Re: [Bioc-devel] Need for file-based handling of meta-data

2016-06-29 Thread Martin Morgan

On 06/29/2016 03:42 PM, Thomas Girke wrote:

Yes, a "readSummarizedExperiment" would be a "modern-day analog of
Biobase::readExpressionSet". I also agree with the other suggestions
including github to get this started, and Vince's thoughts on binding
meta-data more tightly to source data as well as improving
interoperability.


I started a repository at

  https://github.com/Bioconductor/TenStepReproducible

I envision this as a package / white paper / eventually publication. 
feel free to fork etc., and / or to contribute other ideas.


Martin



As suggested I am sharing this discussion with the bioc-devel list.

Thomas

On Wed, Jun 29, 2016 at 06:22:49PM +, Vincent Carey wrote:


Thanks Thomas -- I think this should be circulated to biocore for further 
comments.  I am in agreement
that we need to do a better job at both demonstrating the values of a) binding 
metadata to data, b)
using standard containers through workflows, c) allowing interoperation.  I 
learned some useful things
about spreadsheet interoperation at the conference and need to learn more.

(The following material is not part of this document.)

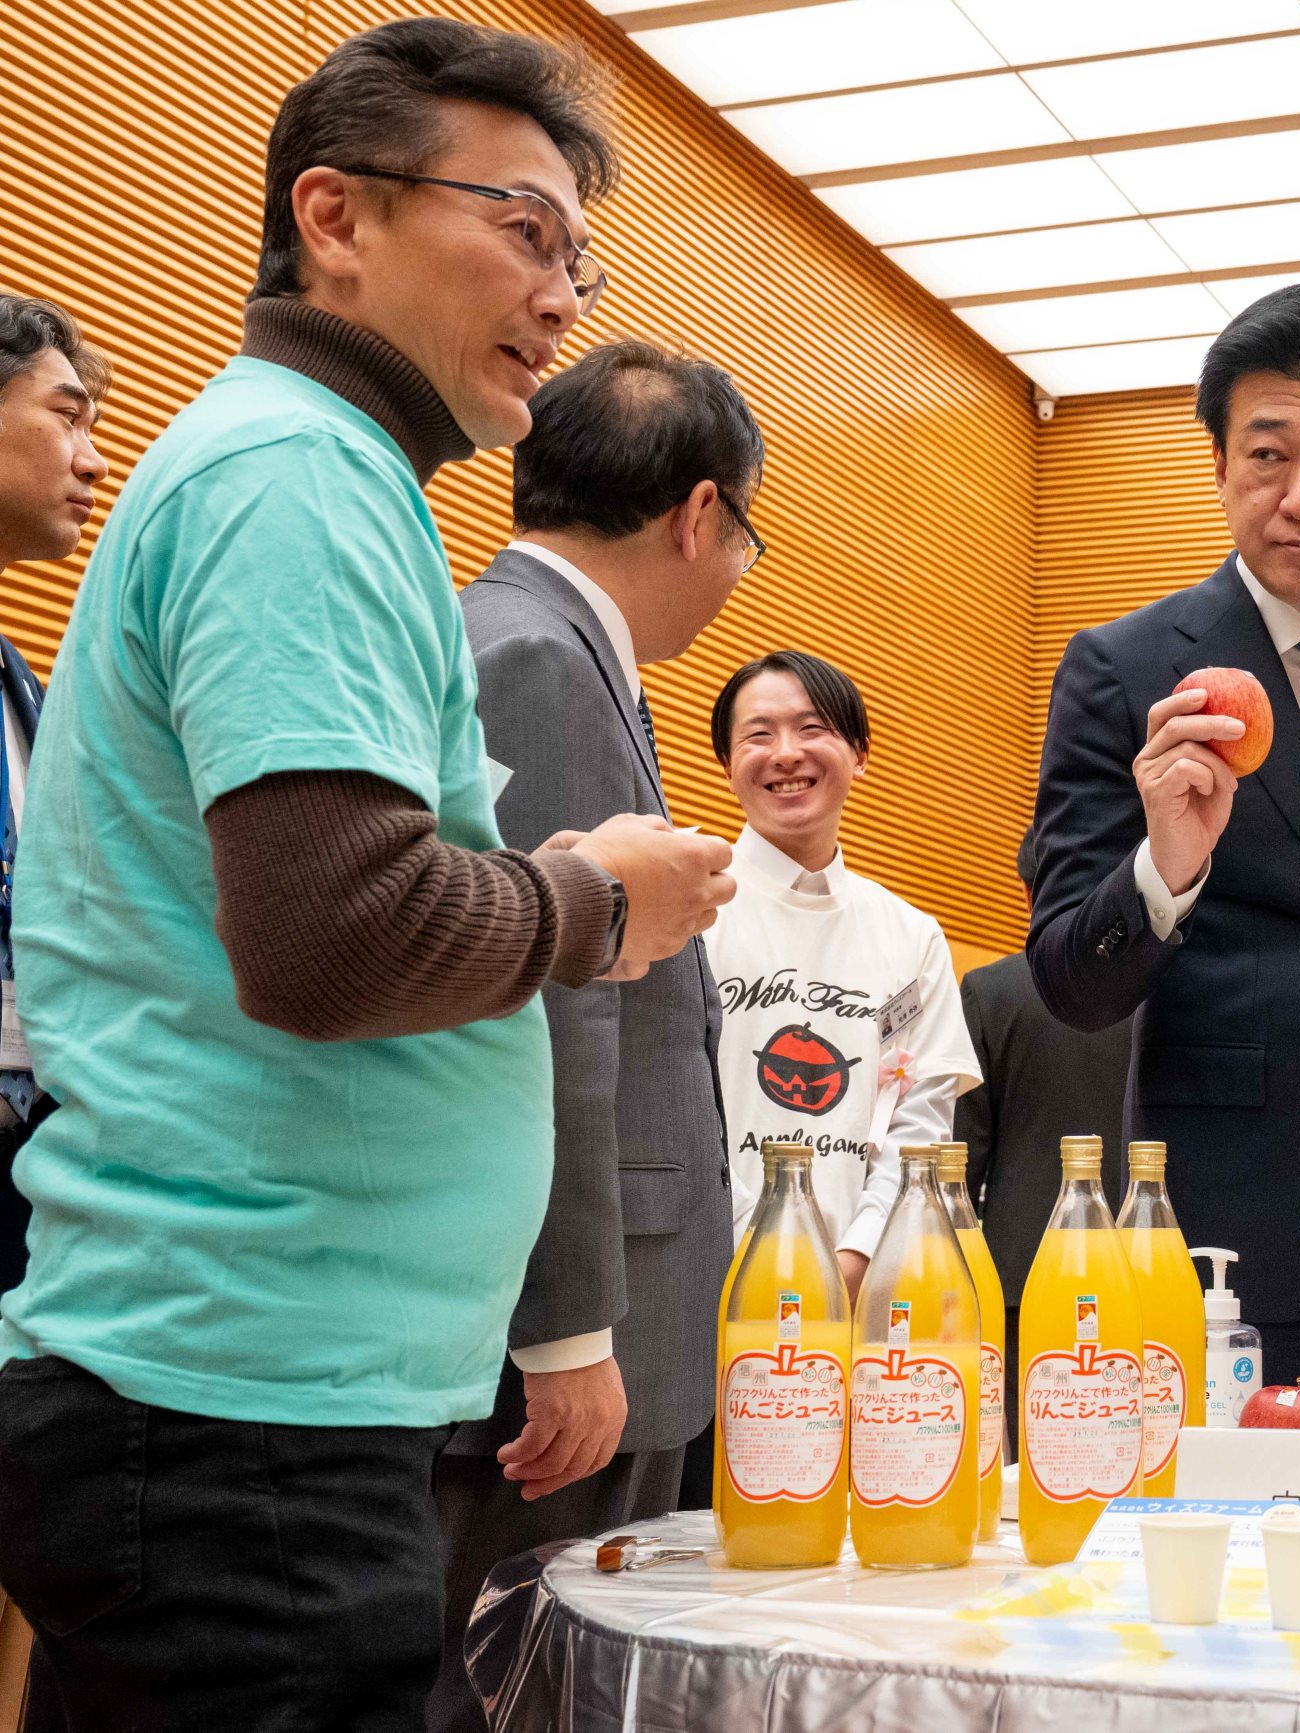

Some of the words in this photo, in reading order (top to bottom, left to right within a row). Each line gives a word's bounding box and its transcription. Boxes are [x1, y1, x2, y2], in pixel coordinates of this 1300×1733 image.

In a sense we are giving a specific implementation of some of the rules in

http://journals.plos.org/ploscompbiol/article?id=10.1371/journal.pcbi.1003285

and I wonder whether we could come up with another topic for the "ten simple 
rules"
series that addresses these concerns, or do something similar, perhaps for 
F1000Research,
with a Bioconductor-interoperability focus on metadata.




On Wed, Jun 29, 2016 at 06:28:49PM +, Martin Morgan wrote:



I guess you mean a modern-day analog of Biobase::readExpressionSet ? I
like the idea of templates, and also drafting a 'Ten Steps Toward
Reproduciblity in R / Bioconductor'. Would be happy to start a github
repo for same if there are any takers...

Martin



This email message may contain legally privileged and/or confidential
information.  If you are not the intended recipient(s), or the employee
or agent responsible for the delivery of this message to the intended
recipient(s), you are hereby notified that any disclosure, copying,
distribution, or use of this email message is prohibited.  If you have
received this message in error, please notify the sender immediately by
e-mail and delete this email message from your computer. Thank you.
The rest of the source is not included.